REQUIRED WORK
The entries are to be repeated exactly, with all pictures omitted.

# # # #

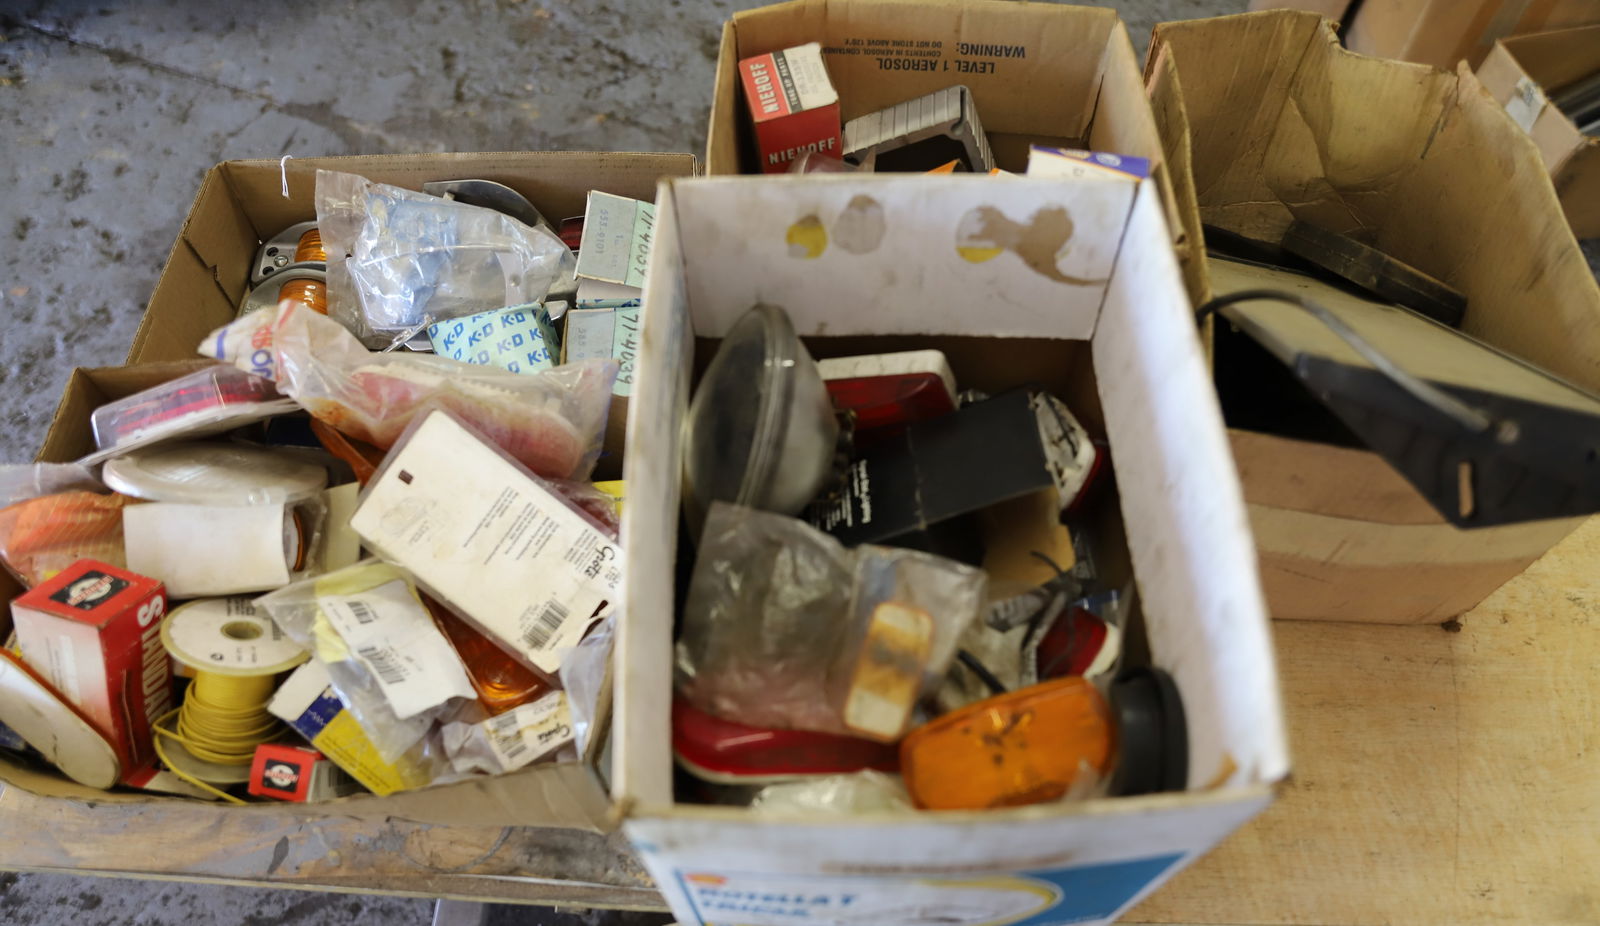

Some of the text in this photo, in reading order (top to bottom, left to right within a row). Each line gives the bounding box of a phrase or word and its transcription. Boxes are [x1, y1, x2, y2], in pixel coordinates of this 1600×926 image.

[956, 42, 1026, 58] WARNING:
[876, 57, 995, 74] LEVEL 1 AEROSOL
[749, 63, 780, 114] NIEHOFF
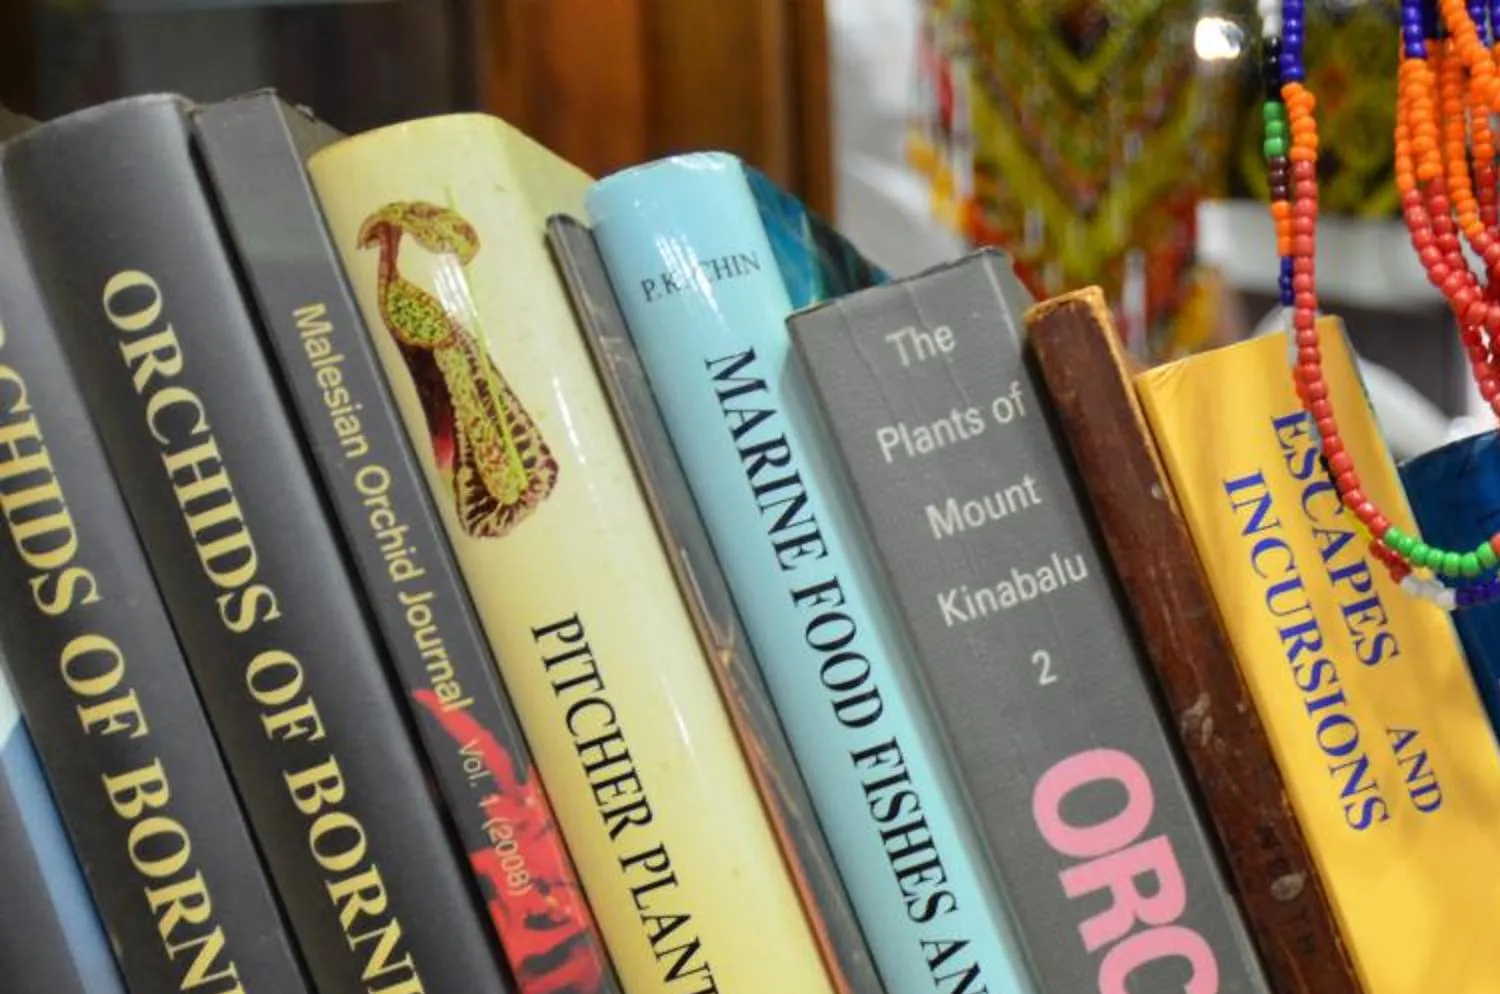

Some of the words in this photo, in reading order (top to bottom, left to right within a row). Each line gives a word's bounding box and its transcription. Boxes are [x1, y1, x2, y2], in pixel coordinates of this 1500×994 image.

[875, 402, 985, 463] Plants
[992, 383, 1028, 425] of
[885, 322, 956, 369] The
[102, 270, 282, 632] ORCHIDS
[245, 649, 326, 743] OF
[926, 475, 1041, 541] Mount
[936, 551, 1088, 628] Kinabalu
[292, 303, 368, 460] Malesian
[354, 463, 425, 583] Orchid
[398, 581, 477, 714] Journal
[457, 738, 492, 788] Vol.
[481, 817, 533, 897] (2008)
[705, 347, 827, 573] MARINE
[791, 577, 885, 730] FOOD
[850, 739, 960, 924] FISHES
[1031, 651, 1058, 687] 2
[1223, 469, 1388, 831] INCURSIONS
[1269, 411, 1400, 669] ESCAPES
[1386, 727, 1443, 814] AND
[60, 633, 149, 740] OF
[530, 612, 654, 843] PITCHER
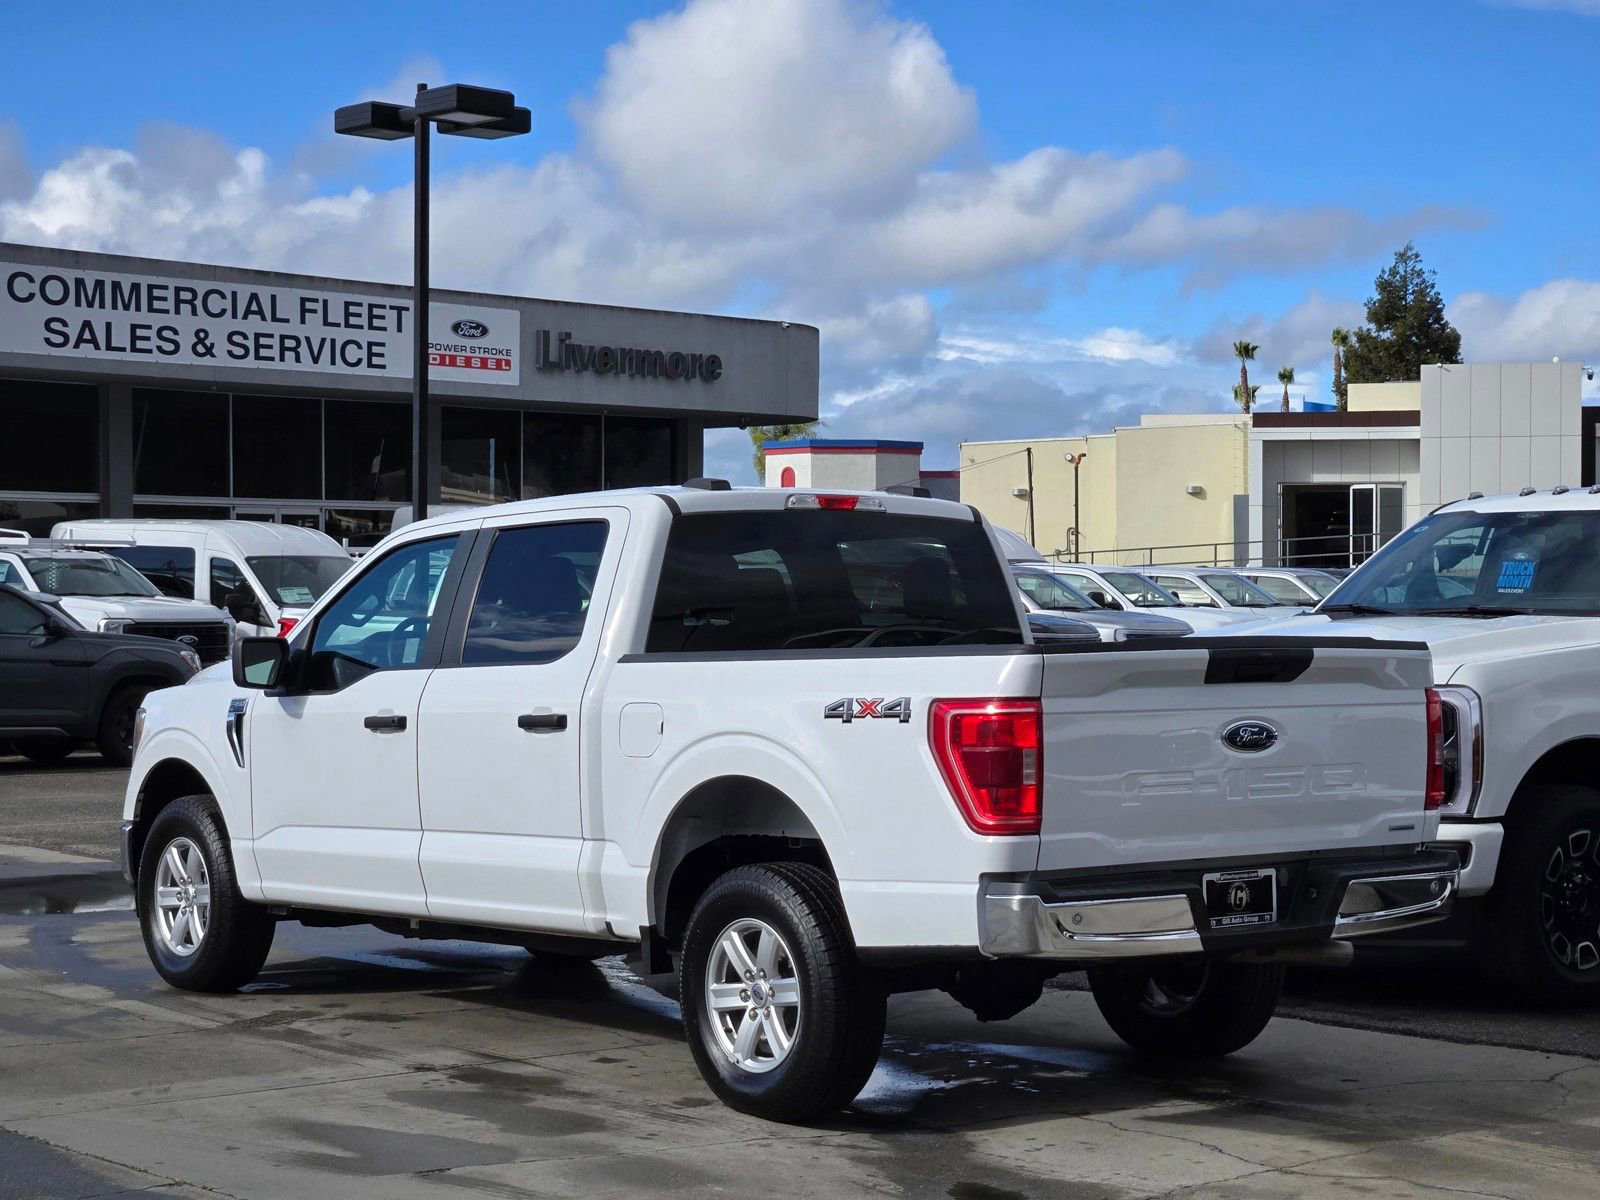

# # # #

COMPLETED TASK
Some of the text in this photo, in reading order (top to bottom, left to right within a row). Each line gives the bounding box of a phrase or word and its transcription. Boxes are [x1, y1, x2, y2], in pixel coordinates of this 1600×926 image.

[956, 42, 1026, 58] WARNING:
[876, 57, 995, 74] LEVEL 1 AEROSOL
[749, 63, 780, 114] NIEHOFF

Some of the words in this photo, in reading order (top to bottom, left to right within a row). Each line gives a word's bounding box and its transcription. Boxes are [x1, y1, x2, y2], in pixel coordinates of this 1500×994 image.

[875, 402, 985, 463] Plants
[992, 383, 1028, 425] of
[885, 322, 956, 369] The
[102, 270, 282, 632] ORCHIDS
[245, 649, 326, 743] OF
[926, 475, 1041, 541] Mount
[936, 551, 1088, 628] Kinabalu
[292, 303, 368, 460] Malesian
[354, 463, 425, 583] Orchid
[398, 581, 477, 714] Journal
[457, 738, 492, 788] Vol.
[481, 817, 533, 897] (2008)
[705, 347, 827, 573] MARINE
[791, 577, 885, 730] FOOD
[850, 739, 960, 924] FISHES
[1031, 651, 1058, 687] 2
[1223, 469, 1388, 831] INCURSIONS
[1269, 411, 1400, 669] ESCAPES
[1386, 727, 1443, 814] AND
[60, 633, 149, 740] OF
[530, 612, 654, 843] PITCHER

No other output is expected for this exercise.